-- Exercise materials follows --

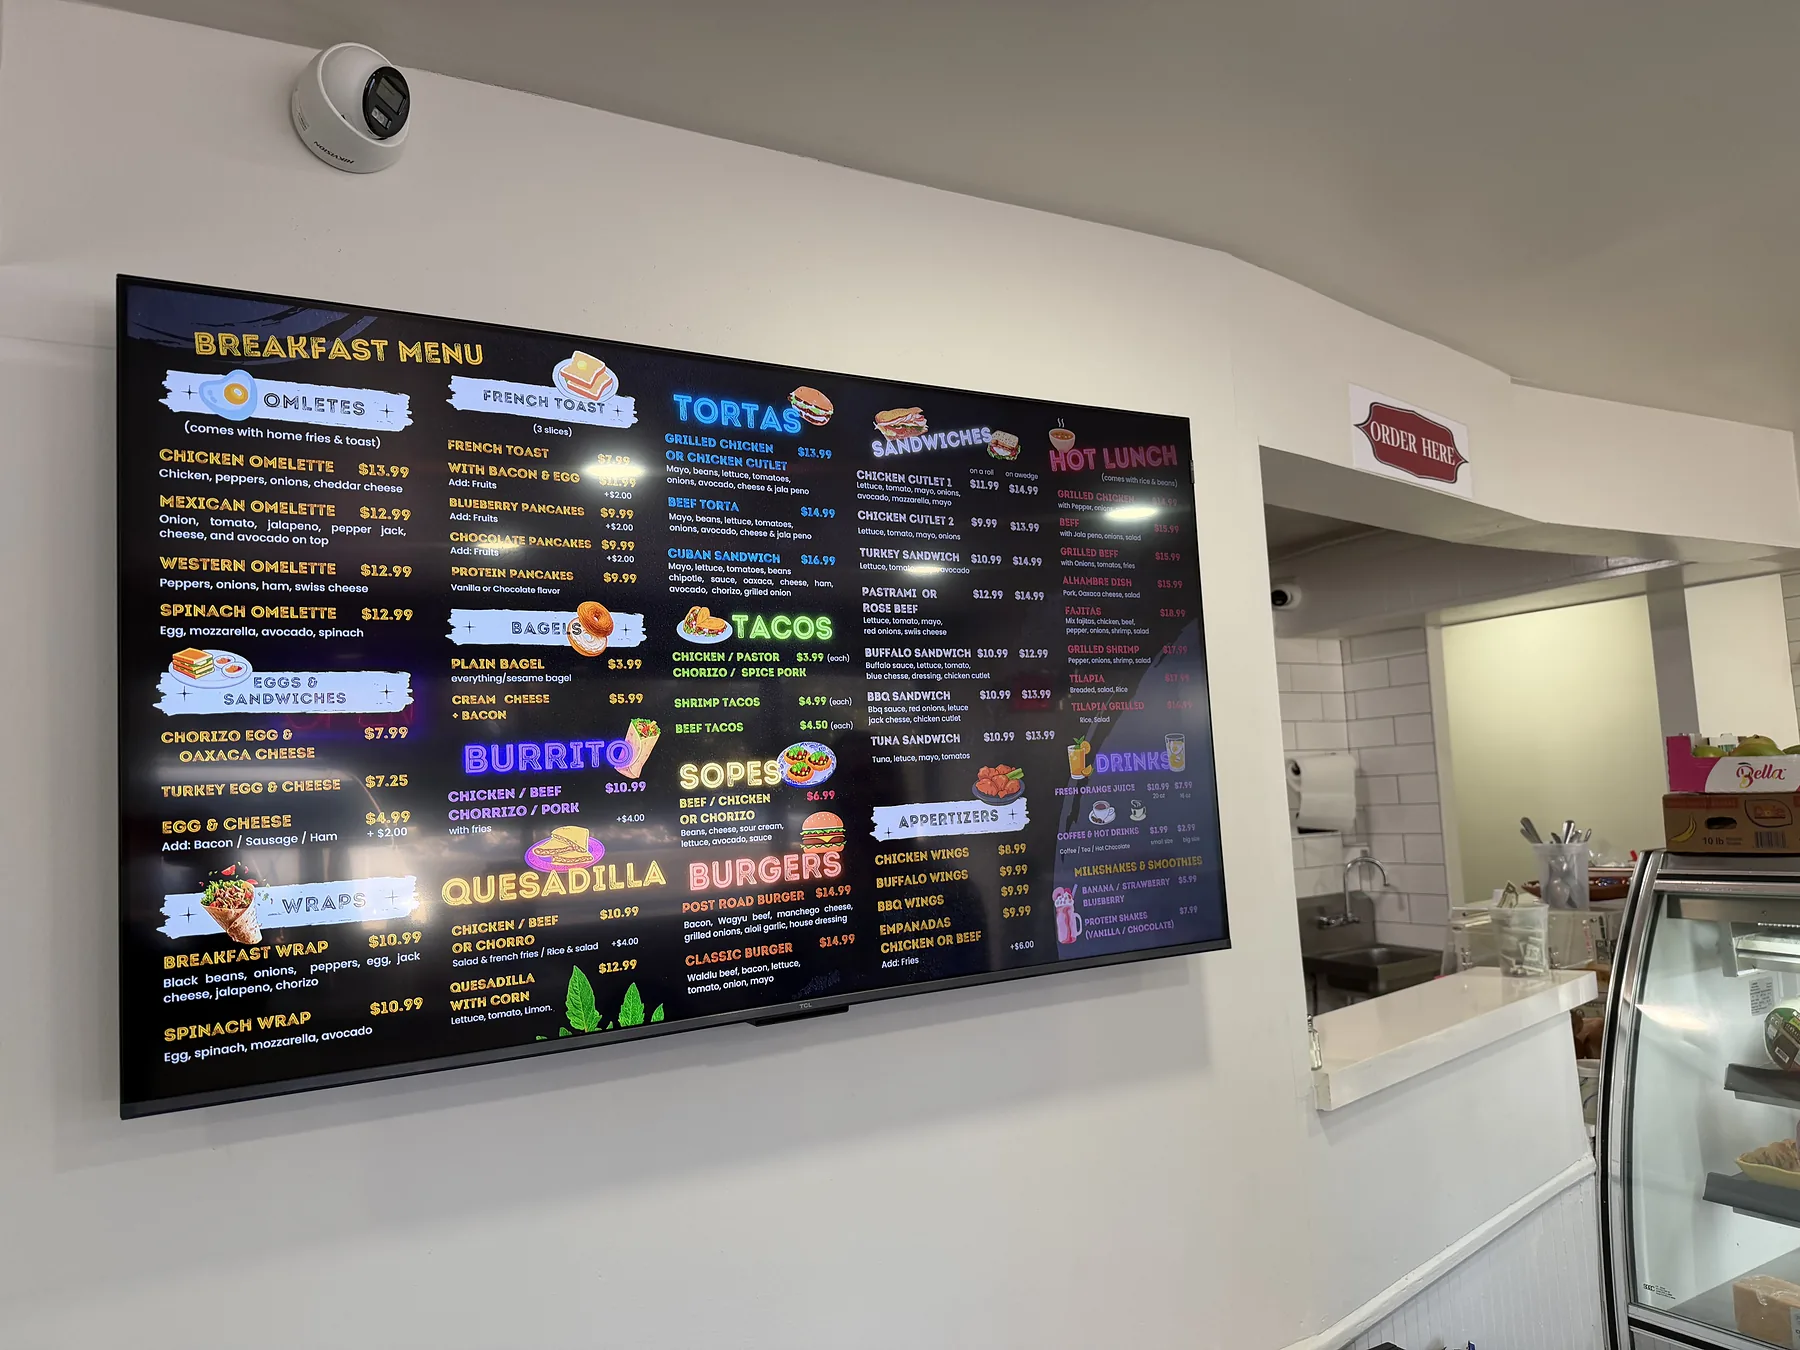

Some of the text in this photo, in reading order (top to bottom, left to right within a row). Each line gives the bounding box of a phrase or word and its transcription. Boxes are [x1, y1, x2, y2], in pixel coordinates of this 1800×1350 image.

[194, 331, 483, 365] BREAKFAST MENU
[263, 393, 366, 416] OMLETES
[483, 389, 606, 414] FRENCH TOAST
[673, 394, 802, 434] TORTAS
[184, 420, 381, 449] (comes with home fries & toast)
[534, 424, 572, 437] (3 slices)
[665, 433, 832, 459] GRILLED CHICKEN $13.99
[872, 427, 992, 457] SANDWICHES
[1370, 421, 1455, 465] ORDER HERE
[159, 449, 409, 478] CHICKEN OMELETTE $13.99
[1050, 445, 1177, 472] HOT LUNCH
[159, 468, 403, 493] Chicken, peppers, onions, cheddar cheese
[1102, 473, 1125, 482] (comes
[450, 498, 634, 519] BLUEBERRY PANCAKES $9.99
[668, 497, 835, 518] BEEF TORTA $14.99
[669, 513, 793, 528] Mayo, beans, lettuce, tomatoes,
[858, 510, 1039, 532] CHICKEN CUTLET 2 $9.99 $13.99
[1061, 547, 1096, 557] GRILLED
[160, 557, 412, 578] WESTERN OMELETTE $12.99
[451, 584, 480, 592] Vanilla
[493, 585, 536, 593] Chocolate
[537, 586, 560, 594] flavor
[1063, 576, 1108, 586] ALHAMBRE
[1111, 578, 1132, 586] DISH
[862, 587, 1044, 600] PASTRAMI OR $12.99 $14.99
[863, 603, 918, 613] ROSE BEEF
[1065, 607, 1101, 616] FAJITAS
[160, 626, 364, 639] Egg, mozzarella, avocado, spinach
[511, 622, 582, 635] BAGELS
[732, 615, 832, 639] TACOS
[451, 659, 642, 670] PLAIN BAGEL $3.99
[253, 676, 301, 689] EGGS
[451, 673, 571, 684] everything/sesame bagel
[1069, 674, 1105, 683] TILAPIA
[223, 692, 347, 706] SANDWICHES
[674, 696, 852, 708] SHRIMP TACOS $4.99 (each)
[871, 731, 1055, 746] TUNA SANDWICH $10.99 $13.99
[464, 740, 635, 774] BURRITO
[679, 760, 782, 790] SOPES
[1736, 762, 1786, 788] Bella
[448, 788, 515, 802] CHICKEN
[530, 786, 561, 798] BEEF
[605, 781, 646, 794] $10.99
[807, 791, 835, 801] $6.99
[1055, 787, 1078, 795] FRESH
[1080, 785, 1111, 794] ORANGE
[1113, 784, 1135, 792] JUICE
[899, 809, 999, 829] APPERTIZERS
[449, 824, 492, 835] with fries
[1057, 827, 1139, 841] COFFEE & HOT DRINKS
[1716, 837, 1724, 845] lb
[875, 843, 1026, 865] CHICKEN WINGS $8.99
[689, 851, 842, 891] BURGERS
[1075, 856, 1202, 877] MILKSHAKES & SMOOTHIES
[442, 860, 666, 906] QUESADILLA
[281, 892, 367, 915] WRAPS
[683, 885, 851, 913] POST ROAD BURGER $14.99
[880, 917, 951, 935] EMPANADAS
[1085, 915, 1118, 926] PROTEIN
[1119, 912, 1147, 922] SHAKES
[164, 931, 422, 969] BREAKFAST WRAP $10.99
[882, 957, 919, 968] Add: Fries
[164, 977, 318, 1003] cheese, jalapeno, chorizo
[688, 976, 774, 994] tomato, onion, mayo
[451, 1005, 553, 1025] Lettuce, tomato, Limon.

-- Exercise materials concluded --

#### Exercise objective
Return each record exactly as given, excluding any image.

#### Task solution
Some of the text in this photo, in reading order (top to bottom, left to right within a row). Each line gives the bounding box of a phrase or word and its transcription. Boxes are [x1, y1, x2, y2], in pixel coordinates of this 1800×1350 image.

[194, 331, 483, 365] BREAKFAST MENU
[263, 393, 366, 416] OMLETES
[483, 389, 606, 414] FRENCH TOAST
[673, 394, 802, 434] TORTAS
[184, 420, 381, 449] (comes with home fries & toast)
[534, 424, 572, 437] (3 slices)
[665, 433, 832, 459] GRILLED CHICKEN $13.99
[872, 427, 992, 457] SANDWICHES
[1370, 421, 1455, 465] ORDER HERE
[159, 449, 409, 478] CHICKEN OMELETTE $13.99
[1050, 445, 1177, 472] HOT LUNCH
[159, 468, 403, 493] Chicken, peppers, onions, cheddar cheese
[1102, 473, 1125, 482] (comes
[450, 498, 634, 519] BLUEBERRY PANCAKES $9.99
[668, 497, 835, 518] BEEF TORTA $14.99
[669, 513, 793, 528] Mayo, beans, lettuce, tomatoes,
[858, 510, 1039, 532] CHICKEN CUTLET 2 $9.99 $13.99
[1061, 547, 1096, 557] GRILLED
[160, 557, 412, 578] WESTERN OMELETTE $12.99
[451, 584, 480, 592] Vanilla
[493, 585, 536, 593] Chocolate
[537, 586, 560, 594] flavor
[1063, 576, 1108, 586] ALHAMBRE
[1111, 578, 1132, 586] DISH
[862, 587, 1044, 600] PASTRAMI OR $12.99 $14.99
[863, 603, 918, 613] ROSE BEEF
[1065, 607, 1101, 616] FAJITAS
[160, 626, 364, 639] Egg, mozzarella, avocado, spinach
[511, 622, 582, 635] BAGELS
[732, 615, 832, 639] TACOS
[451, 659, 642, 670] PLAIN BAGEL $3.99
[253, 676, 301, 689] EGGS
[451, 673, 571, 684] everything/sesame bagel
[1069, 674, 1105, 683] TILAPIA
[223, 692, 347, 706] SANDWICHES
[674, 696, 852, 708] SHRIMP TACOS $4.99 (each)
[871, 731, 1055, 746] TUNA SANDWICH $10.99 $13.99
[464, 740, 635, 774] BURRITO
[679, 760, 782, 790] SOPES
[1736, 762, 1786, 788] Bella
[448, 788, 515, 802] CHICKEN
[530, 786, 561, 798] BEEF
[605, 781, 646, 794] $10.99
[807, 791, 835, 801] $6.99
[1055, 787, 1078, 795] FRESH
[1080, 785, 1111, 794] ORANGE
[1113, 784, 1135, 792] JUICE
[899, 809, 999, 829] APPERTIZERS
[449, 824, 492, 835] with fries
[1057, 827, 1139, 841] COFFEE & HOT DRINKS
[1716, 837, 1724, 845] lb
[875, 843, 1026, 865] CHICKEN WINGS $8.99
[689, 851, 842, 891] BURGERS
[1075, 856, 1202, 877] MILKSHAKES & SMOOTHIES
[442, 860, 666, 906] QUESADILLA
[281, 892, 367, 915] WRAPS
[683, 885, 851, 913] POST ROAD BURGER $14.99
[880, 917, 951, 935] EMPANADAS
[1085, 915, 1118, 926] PROTEIN
[1119, 912, 1147, 922] SHAKES
[164, 931, 422, 969] BREAKFAST WRAP $10.99
[882, 957, 919, 968] Add: Fries
[164, 977, 318, 1003] cheese, jalapeno, chorizo
[688, 976, 774, 994] tomato, onion, mayo
[451, 1005, 553, 1025] Lettuce, tomato, Limon.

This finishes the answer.